Notes - Machine Learning MT23, Bayesian machine learning

[[Course - Machine Learning MT23]]^U

Flashcards

In terms of the data $\mathcal D$ and the parameters of the model $\pmb w$, what is the main goal of Bayesian machine learning?

Infering the posterior $p(\pmb w \mid \mathcal D)$, the distribution of the parameters given the observed data.

What is aleatoric uncertainty, and is it reducible with more data?

Uncertainty related to the inherently stochastic nature of the variables
Not reducible with more data

In terms of the data $\mathcal D$ and the parameters of a model $\pmb w$, how is aleatoric uncertainity characterised?

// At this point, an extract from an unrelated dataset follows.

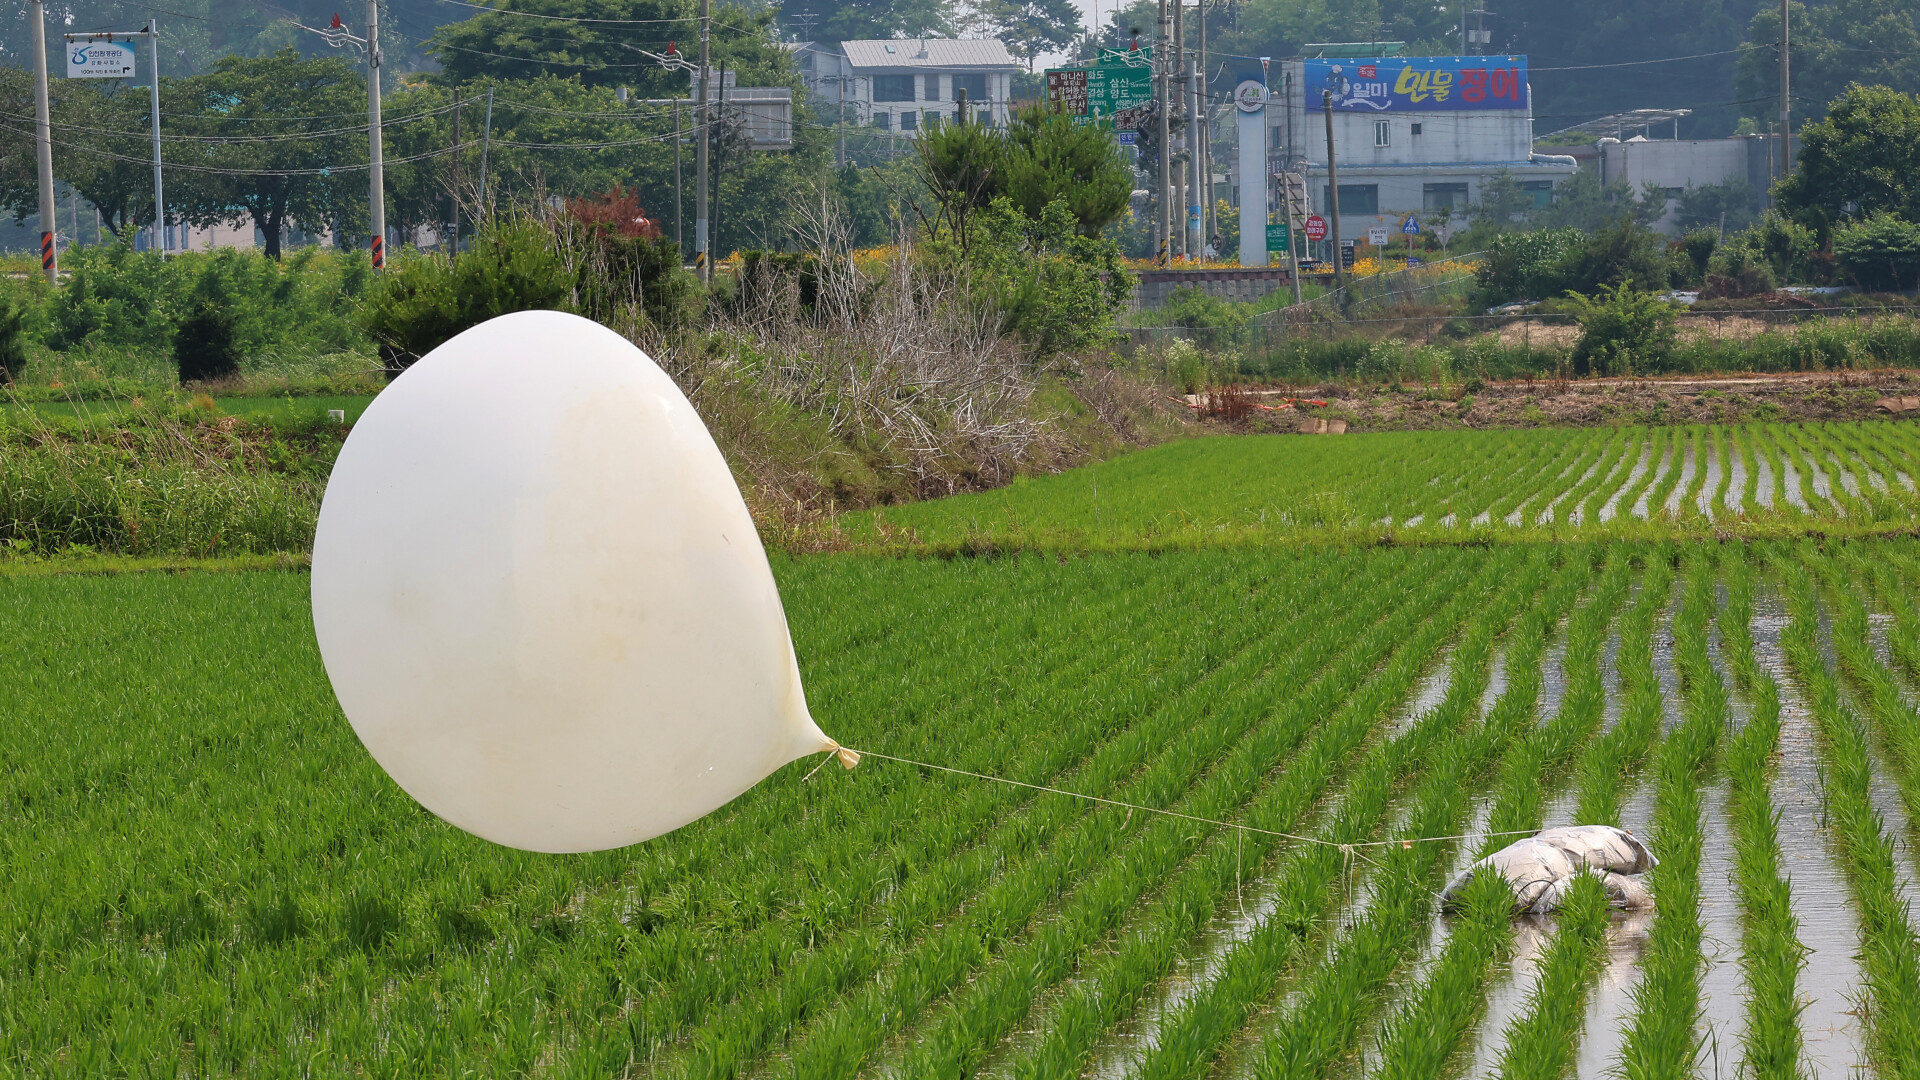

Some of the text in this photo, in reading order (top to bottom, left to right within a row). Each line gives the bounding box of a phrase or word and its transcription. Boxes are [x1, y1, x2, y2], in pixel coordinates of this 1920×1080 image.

[1060, 71, 1084, 81] 마니산
[1087, 70, 1106, 80] 화도
[1109, 78, 1129, 88] 삼산
[1352, 65, 1519, 103] 일미 민물 장어

The distribution of the data given the parameters

\[p(\mathcal D \mid \pmb w)\]

What is epistemic uncertainty, and is it reducible with more data?

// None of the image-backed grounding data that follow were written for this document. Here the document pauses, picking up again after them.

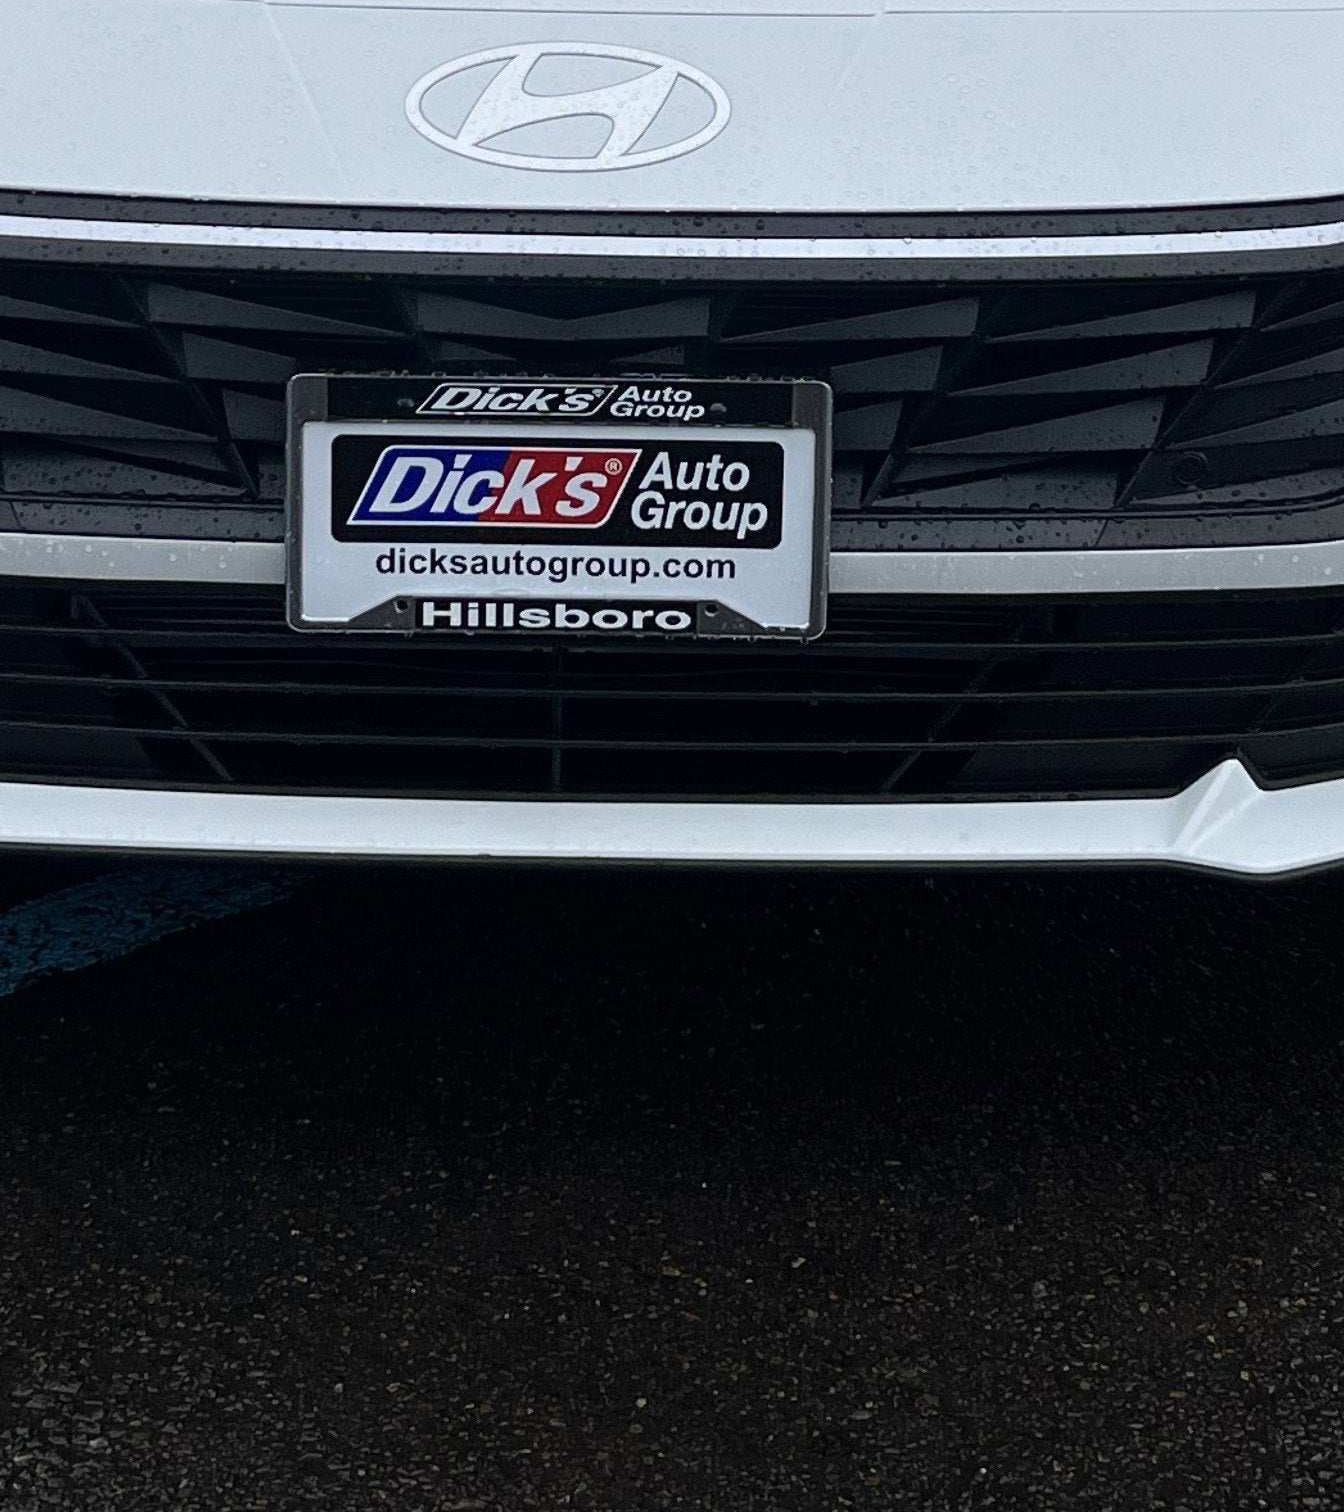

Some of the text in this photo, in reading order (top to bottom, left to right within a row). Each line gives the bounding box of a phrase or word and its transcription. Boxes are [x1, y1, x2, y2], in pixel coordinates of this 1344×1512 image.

[609, 400, 706, 421] Group
[617, 385, 692, 403] Auto
[638, 451, 751, 493] Auto
[630, 491, 769, 540] Group
[375, 548, 737, 584] dicksautogroup.com
[422, 601, 692, 631] Hillsboro

Uncertainty about whether a model is correct given observed data
Reducible with more data

In terms of the data $\mathcal D$ and the parameters of a model $\pmb w$, how is epistemic uncertainity characterised mathematically?

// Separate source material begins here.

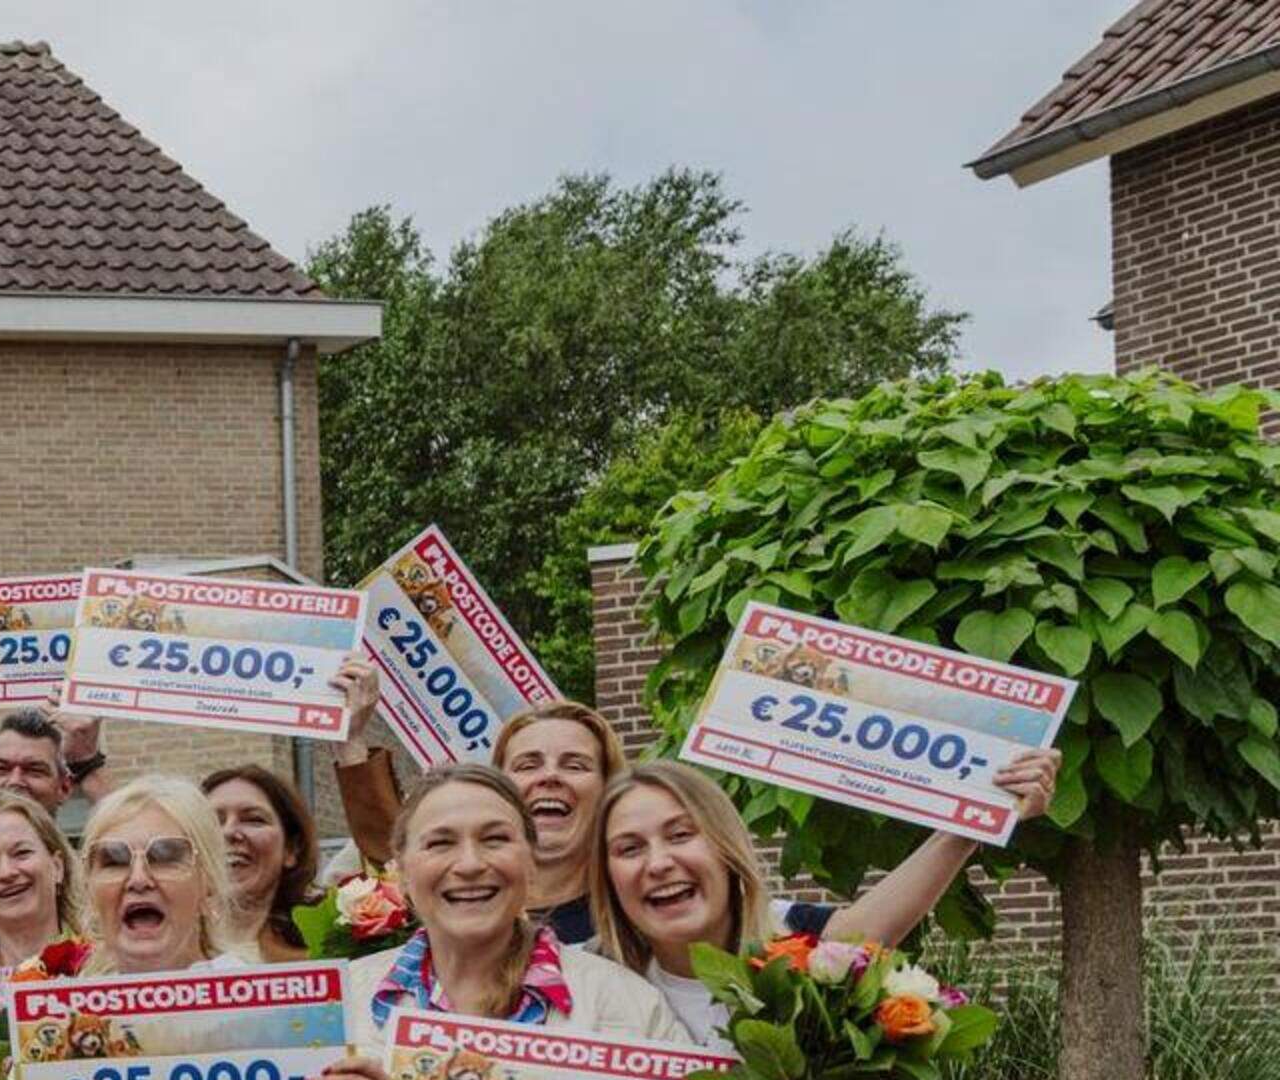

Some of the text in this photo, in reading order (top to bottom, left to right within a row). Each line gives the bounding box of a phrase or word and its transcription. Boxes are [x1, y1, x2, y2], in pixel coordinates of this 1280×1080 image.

The distribution of the parameters given the data

\[p(\pmb w \mid \mathcal D)\]

In terms of data $\mathcal D$ and the parameters of a model $\pmb w$, how is “likelihood” characterised mathematically?

The probability of the data given the model

\[p(\mathcal D \mid \pmb w)\]

In terms of data $\mathcal D$ and the parameters of a model $\pmb w$, how is the posterior $p(\pmb w \mid \mathcal D)$ defined in terms of the likelihood $p(\mathcal D \mid \pmb w)$?

\[p(\pmb w \mid \mathcal D) = \frac{p(\mathcal D \mid \pmb w) p(\pmb w)}{p(\mathcal D)}\]

i.e. Bayes’ theorem.

Suppose we have data $\mathcal D = \langle \pmb x _ i, y \rangle^N _ {i=1}$. We have the following expression for the posterior in terms of the prior and likelihood:

\[p(\pmb w \mid \mathcal D) = \frac{p(\mathcal D \mid \pmb w) p(\pmb w)}{p(\mathcal D)}\]

How can you rewrite $p(\mathcal D \mid w)$ more familiarly?

\[p(\mathcal D \mid w) = p(\pmb y \mid \pmb w, X)\]

i.e. the likelihood of the data given the model.

Suppose:

We are using a Bayesian approach to model some problem of predicting outputs given some inputs for $\mathcal D = \langle \pmb x _ i, y \rangle^N _ {i=1}$ (e.g. linear regression).
We have a prior $p(\pmb w)$.

and now want to make an estimate for

\[p(y \mid \pmb x, \mathcal D)\]

What is this called, and how can this be done?

This is the Bayesian prediction distribution. Use the posterior to marginalise over the parameters

\[p(y \mid \pmb x, \mathcal D) = \int_{\pmb w} p(y \mid \pmb x, \pmb w) p(\pmb w \mid \mathcal D) \text d \pmb w\]

Suppose:

We are using a Bayesian approach to model some problem of predicting outputs given some inputs for $\mathcal D = \langle \pmb x _ i, y \rangle^N _ {i=1}$ (e.g. linear regression).
We have a prior $p(\pmb w)$.

We can derive the “Bayesian prediction distribution” by marginalising over the parameters of the model $\pmb w$:

\[p(y \mid \pmb x, \mathcal D) = \int_{\pmb w} p(y \mid \pmb x, \pmb w) p(\pmb w \mid \mathcal D) \text d \pmb w\]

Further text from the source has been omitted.